All in all, this Court finds the issues raised in this petition lack merit, are noncognizable, and barred by procedural default. The petition is therefore DISMISSED WITH PREJUDICE. The Court will enter Judgment for Respondent.
APPELLATE ISSUES
There is no absolute entitlement to appeal a district court's denial of a § 2254 petition. Miller-El v. Cockrell, 537 U.S. 322, 335 (2003). The Court must issue or deny a certificate of appealability ("COA") when it enters a final order adverse to a § 2254 petitioner. Rule 11, Rules Governing Section 2254 Cases in the United States District Courts. A petitioner may not take an appeal unless a circuit or district judge issues a COA. 28 U.S.C. § 2253(c)(1); Fed. R. App. P. 22(b)(1). A COA may issue only if the petitioner has made a substantial showing of the denial of a constitutional right, and the COA must reflect the specific issue or issues that satisfy the required showing. 28 U.S.C. §§ 2253(c)(2)-(3). A petitioner makes a "substantial showing" when the petitioner shows that "reasonable jurists could debate whether (or, for that matter, agree that) the petition should have been resolved in a different manner or that the issues presented were 'adequate to deserve encouragement to proceed further.'" Miller-El, 537 U.S. at 336 (citing Slack v.
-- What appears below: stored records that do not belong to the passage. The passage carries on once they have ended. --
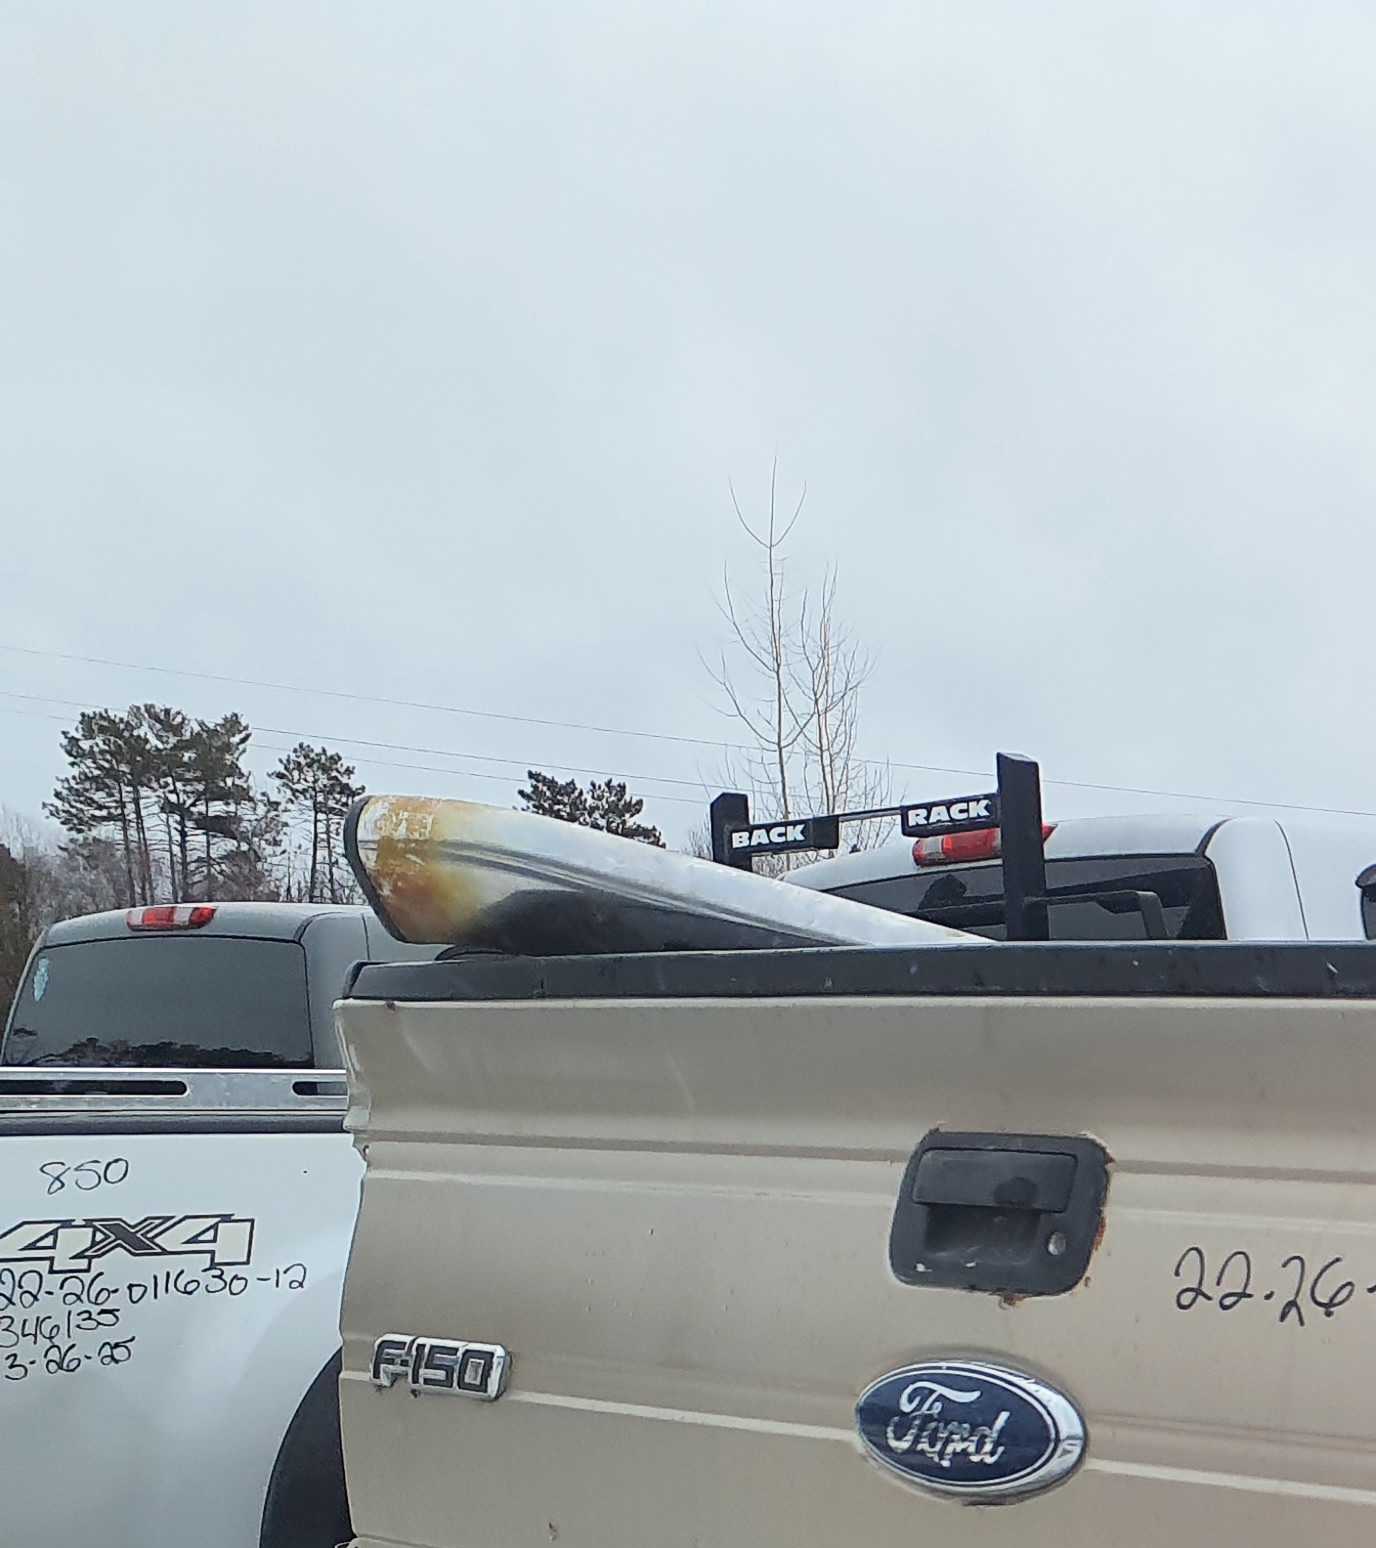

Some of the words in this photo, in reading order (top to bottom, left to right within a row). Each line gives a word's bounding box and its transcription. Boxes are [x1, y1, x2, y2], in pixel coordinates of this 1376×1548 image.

[731, 823, 806, 849] BACK
[907, 799, 990, 827] RACK
[40, 1157, 129, 1195] 850
[0, 1213, 255, 1274] 4X4
[5, 1336, 135, 1380] 3-26-25
[886, 1381, 1011, 1467] Ford
McDaniel, 529 U.S. 473, 484 (2000)); Henley v. Bell, 308 F. App'x 989, 990 (6th Cir. 2009) (per curiam) (holding a prisoner must show that reasonable jurists could disagree with the district court's resolution of his constitutional claims or that the issues presented warrant encouragement to proceed more).
A COA does not require a showing that the appeal will succeed. Miller-El, 537 U.S. at 337; Caldwell v. Lewis, 414 F. App'x 809, 814-15 (6th Cir. 2011) (same). Courts should not issue a COA as a matter of course. Bradley v. Birkett, 156 F. App'x 771, 773 (6th Cir. 2005) (quoting Slack, 537 U.S. at 337).
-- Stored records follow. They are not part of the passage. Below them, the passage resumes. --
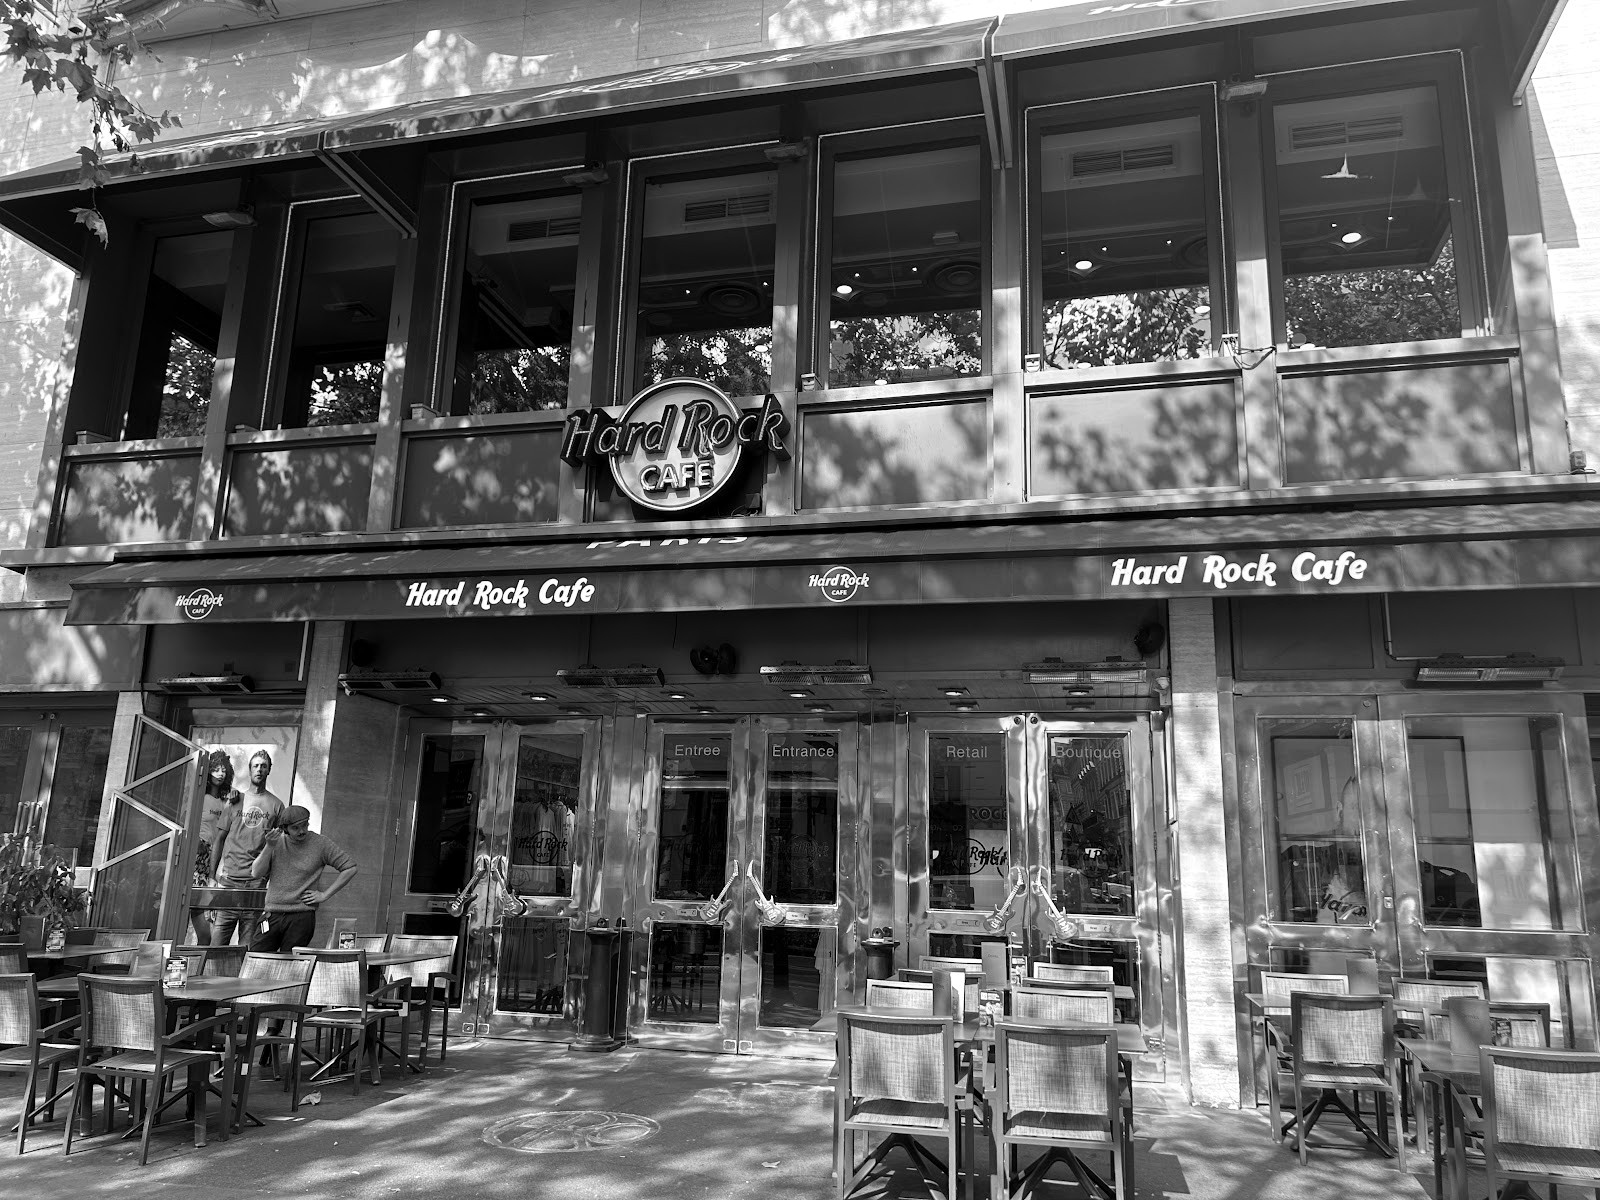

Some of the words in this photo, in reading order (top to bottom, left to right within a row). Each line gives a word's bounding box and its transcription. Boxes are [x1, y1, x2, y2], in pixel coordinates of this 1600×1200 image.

[560, 404, 678, 467] Hard
[678, 393, 791, 461] Rock
[640, 462, 715, 492] CAFE
[1110, 556, 1188, 586] Hard
[1202, 553, 1277, 589] Rock
[1291, 551, 1368, 585] Cafe
[808, 574, 840, 587] Hard
[840, 573, 870, 588] Rock
[175, 595, 201, 607] Hard
[200, 594, 224, 607] Rock
[405, 581, 465, 606] Hard
[473, 579, 529, 610] Rock
[538, 577, 595, 607] Cafe
[674, 744, 721, 756] Entree
[772, 745, 835, 757] Entrance
[946, 745, 988, 758] Retail
[1055, 746, 1122, 759] Boutique
Here, there can be no question that the claims in this petition lack merit and are barred by procedural default. Because any appeal by Petitioner on the issues raised in this petition does not deserve attention, the Court DENIES a certificate of appealability.
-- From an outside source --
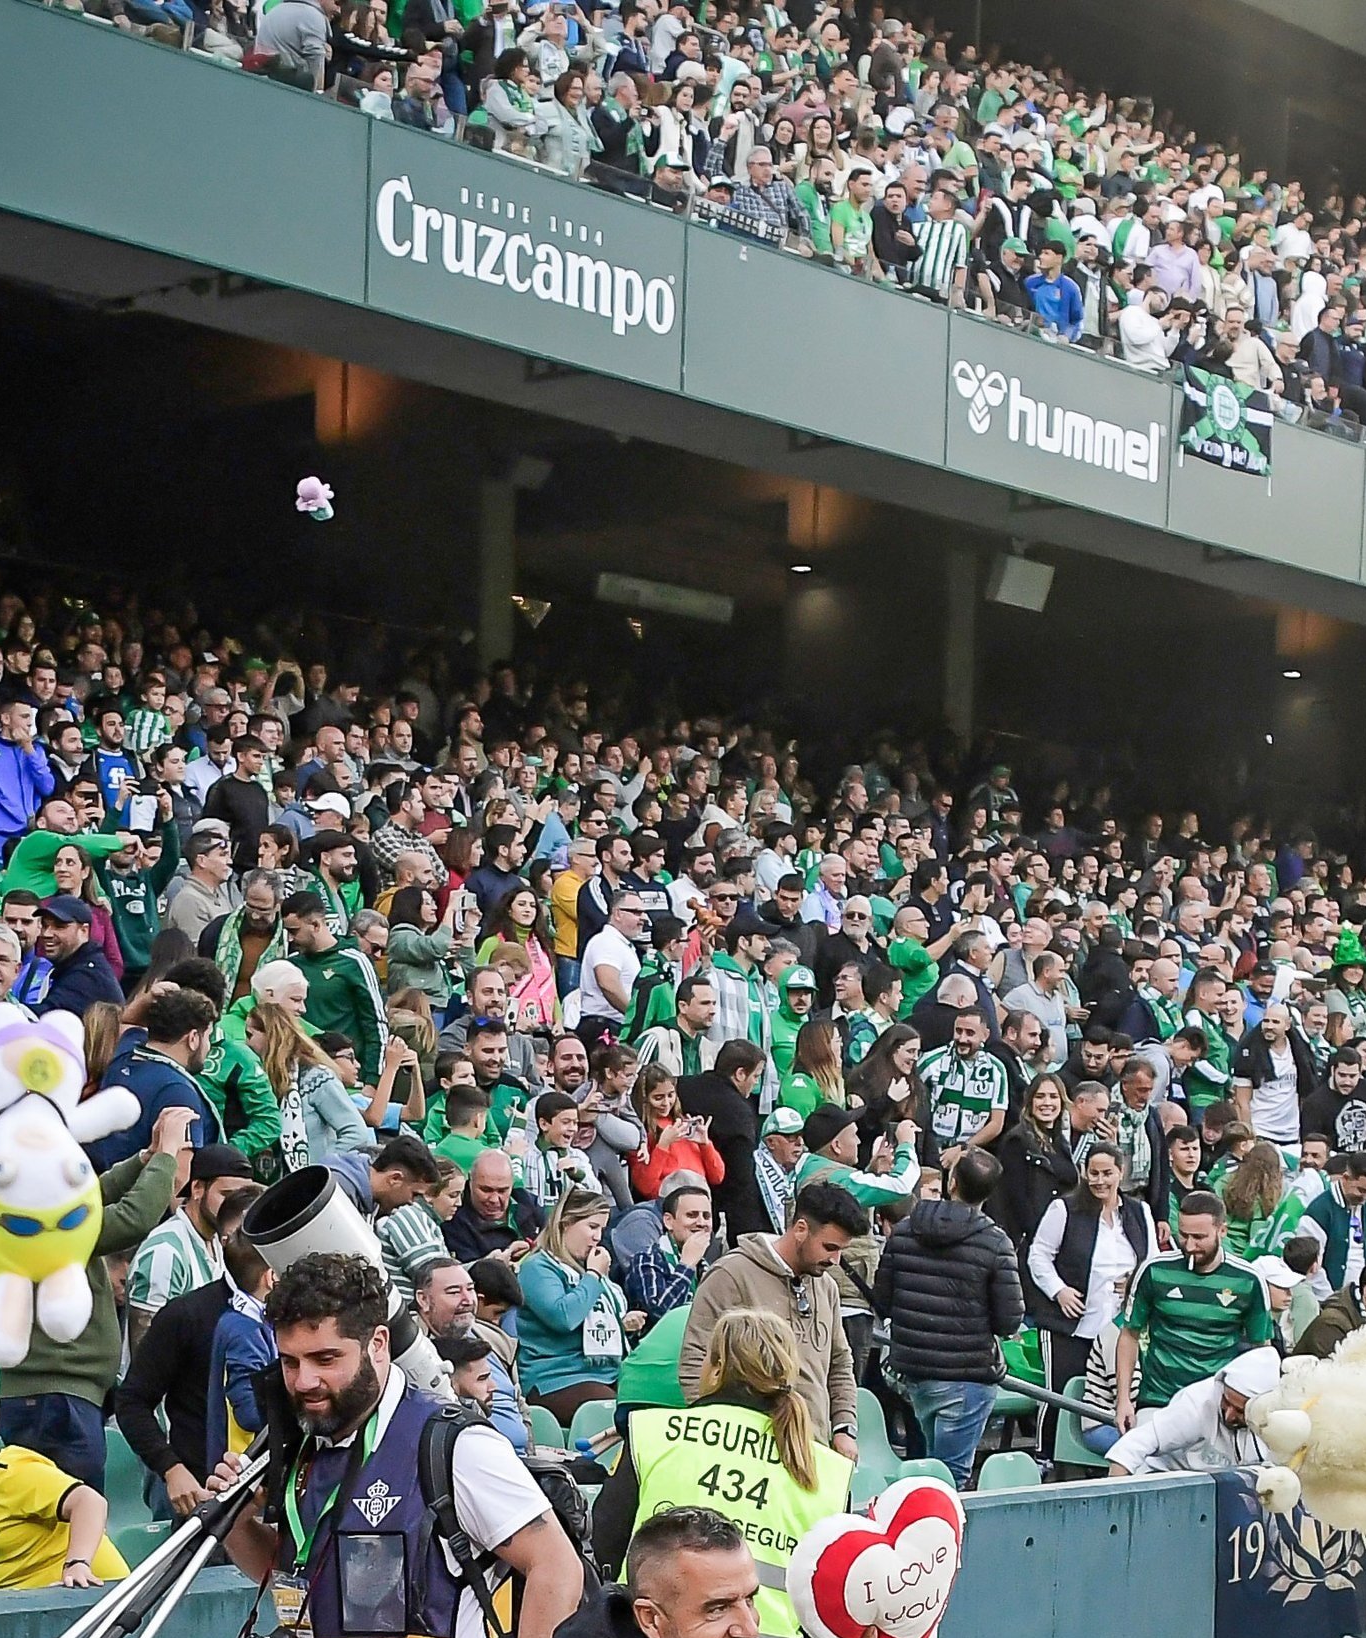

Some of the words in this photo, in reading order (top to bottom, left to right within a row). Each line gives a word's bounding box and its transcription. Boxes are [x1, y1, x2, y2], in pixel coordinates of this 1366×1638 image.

[375, 175, 676, 336] Cruzcampo
[1007, 376, 1160, 483] hummel
[697, 1463, 770, 1511] 434
Here for the same reasons the Court denies a certificate of appealability, the Court determines that any appeal would not be taken in good faith. The Court CERTIFIES therefore, under Fed. R. App. P. 24(a), that any appeal here would not be taken in good faith and DENIES leave to appeal in forma pauperis.
If Petitioner files a notice of appeal, he must pay the full $505 appellate filing fee or move to proceed in forma pauperis and supporting affidavit in the Sixth Circuit within 30 days of the date of entry of this order. See Fed. R. App. P. 24(a)(5).
SO ORDERED, this 29th day of August 2019.